Skip ahead to 2025 and Meta now claims users spend only 7% of their time on Instagram and 17% of their time on Facebook consuming content from online friends. 

Social media as an industry is now more than 20 years old. At the time Facebook first hit critical mass, adults may have been thrilled with the novelty of being digitally linked to so many friends and acquaintances. Zoomers, on the other hand, have grown up with social media and have been able to choose whether and how to connect online with friends their entire lives. Many now seem to prefer doing so in group chats and messaging apps. If they come to Facebook at all these days, many apparently do so as yet another means of consuming content. According to Meta’s posttrial brief, “The number of new young adult monthly active users with zero friends after 90 days on Facebook has increased from only 8% to 10% in 2012 to nearly 50% today.”

In retrospect, Meta may have rolled out its “OG Facebook”-style Friends tab less than a month before the antitrust trial began just to prove how uninterested today’s users are in friend sharing. The posttrial brief cites, in its as-yet-unsealed evidence, “de minimis usage of the new dedicated Friends Tab” as confirmation that “the puck is moving elsewhere.”

Where social media goes from here is yet to be determined

So, where is social media heading? There are plenty of hints in where it already is—much of them having to do with AI.

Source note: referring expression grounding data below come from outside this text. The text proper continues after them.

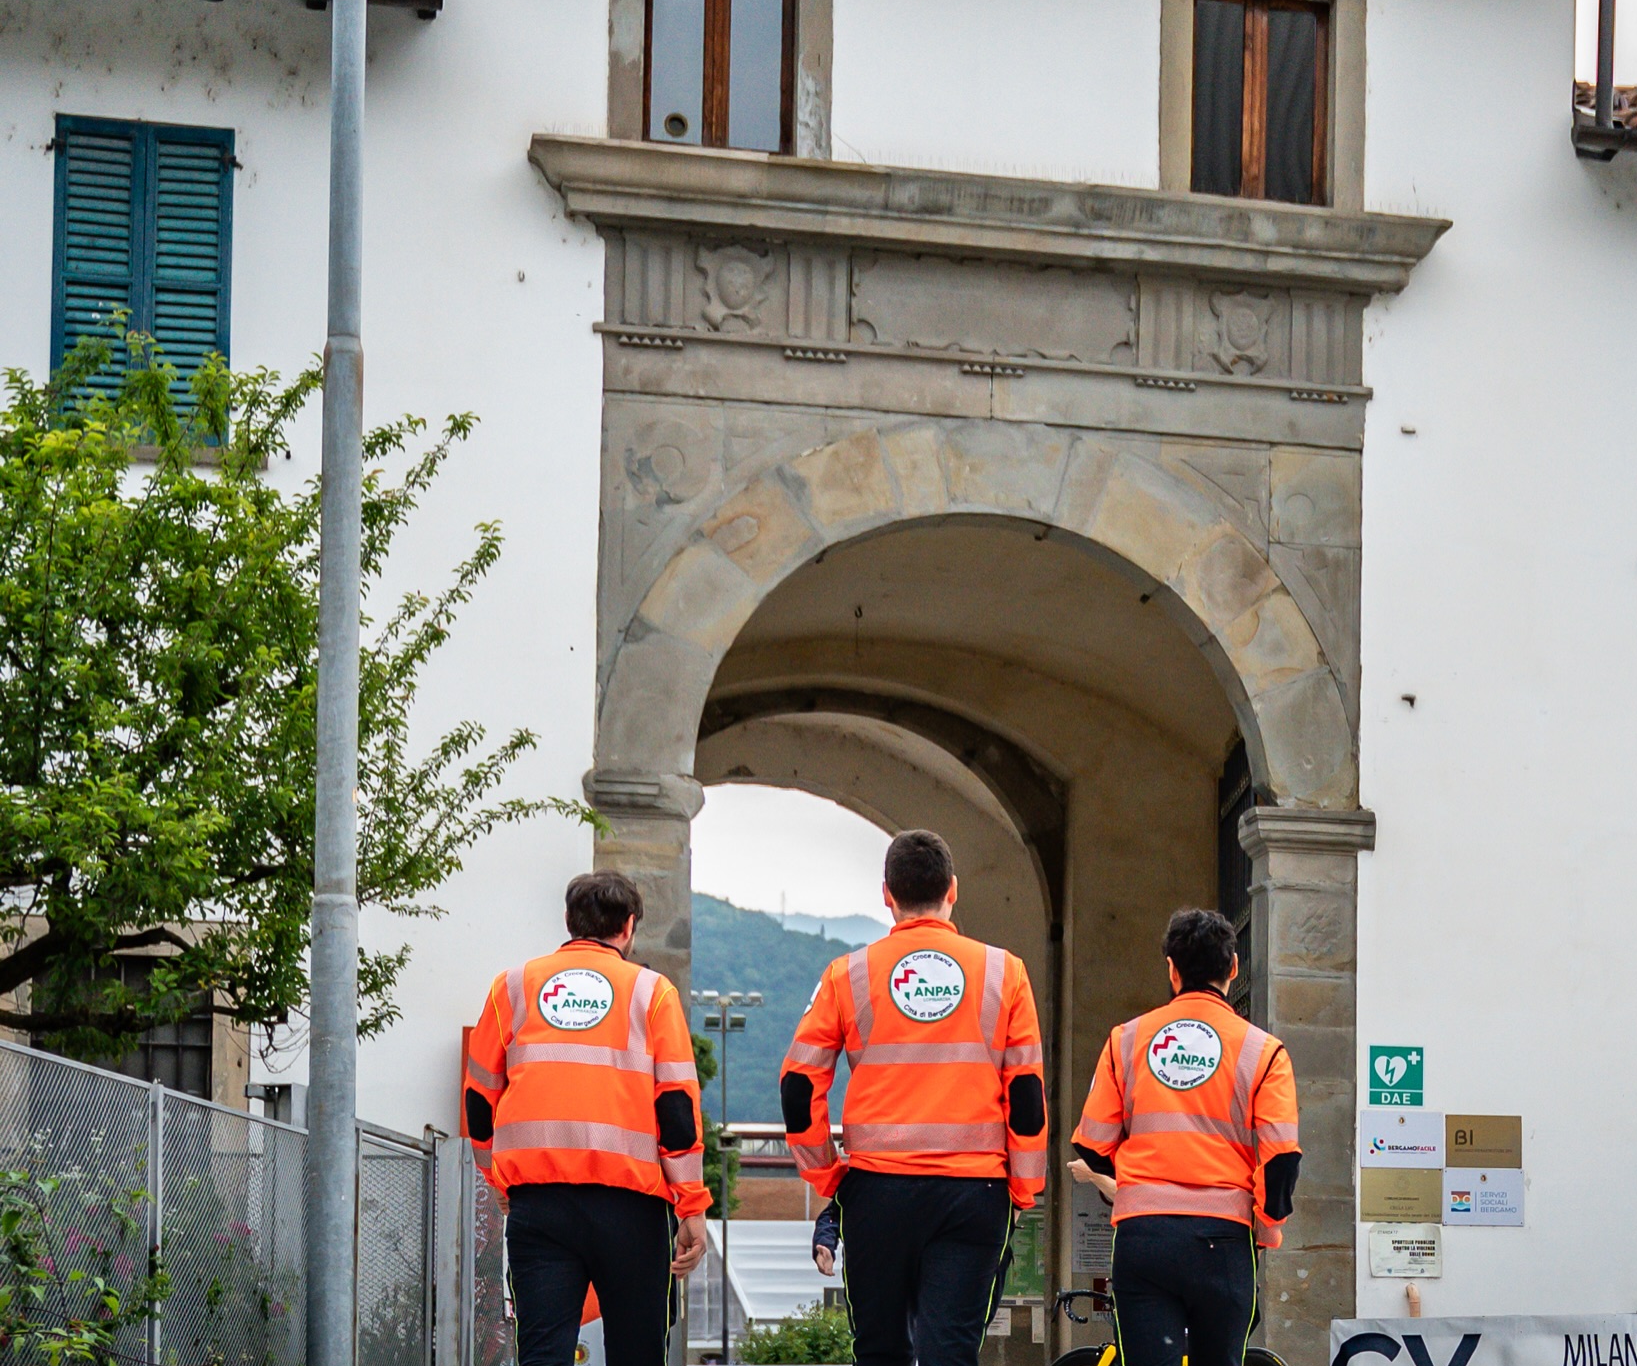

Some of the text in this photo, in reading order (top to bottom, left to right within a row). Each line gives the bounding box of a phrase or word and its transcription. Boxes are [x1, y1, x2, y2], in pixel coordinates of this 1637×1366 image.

[933, 953, 953, 968] Bianca
[914, 985, 960, 997] ANPAS
[561, 999, 608, 1010] ANPAS
[928, 1003, 954, 1018] Bergamo
[1196, 1023, 1213, 1039] Bianca
[1170, 1053, 1215, 1068] ANPAS
[1180, 1073, 1205, 1087] Bergamo
[1381, 1092, 1411, 1104] DAE
[1455, 1129, 1473, 1145] BI

Social apps are currently inundated with all manner of AI slop. A Cornell University study found that during the 2024 election about 12% of images and 1.4% of text posts on X were AI-generated. More recently, TikTok has seen a surge in AI-generated video content—with a clip of bunnies on trampolines, created by Google Veo 3, garnering more than 230 million views on the app this summer.

And beyond the AI that users are posting to these apps, the platforms have been experimenting with AI chatbots as a new form of “friend” to connect with. So far, the results have been decidedly mixed. Back in March, for instance, a Facebook Messenger chatbot named “Big sis Billie” reportedly lured a cognitively impaired man to a physical address across state lines. The man tripped and fell along the way, ultimately dying from his injuries.

Early on in the antitrust trial, Zuckerberg described his vision of social media’s future. Despite the relative failures of the Metaverse and Apple Vision Pro recently, the Meta CEO predicted the rise of “increasingly immersive content” beyond video, claiming, “we’re just about due for this next major transition” to smart glasses that blend “the physical and digital world together.”

It remains to be seen, though, how much consumer demand exists for social media to become more like an augmented reality game.

Perhaps the future of social media is group chat apps like Geneva, Internet 1.0-aping “social magazines” like Perfectly Imperfect, or subscription-based micro-communities on Patreon built around shared interests in a podcast or creator.

On a long enough timeline, though, every done-to-death trend becomes ripe for renewal. (See: our reboot-filled box office, or Uber’s obsession with reinventing the bus.) It may just be a matter of time before user fatigue from connecting with people across disparate sites and apps leads a Silicon Valley wunderkind to bring everyone together in a massive digital community. Sort of like a social network.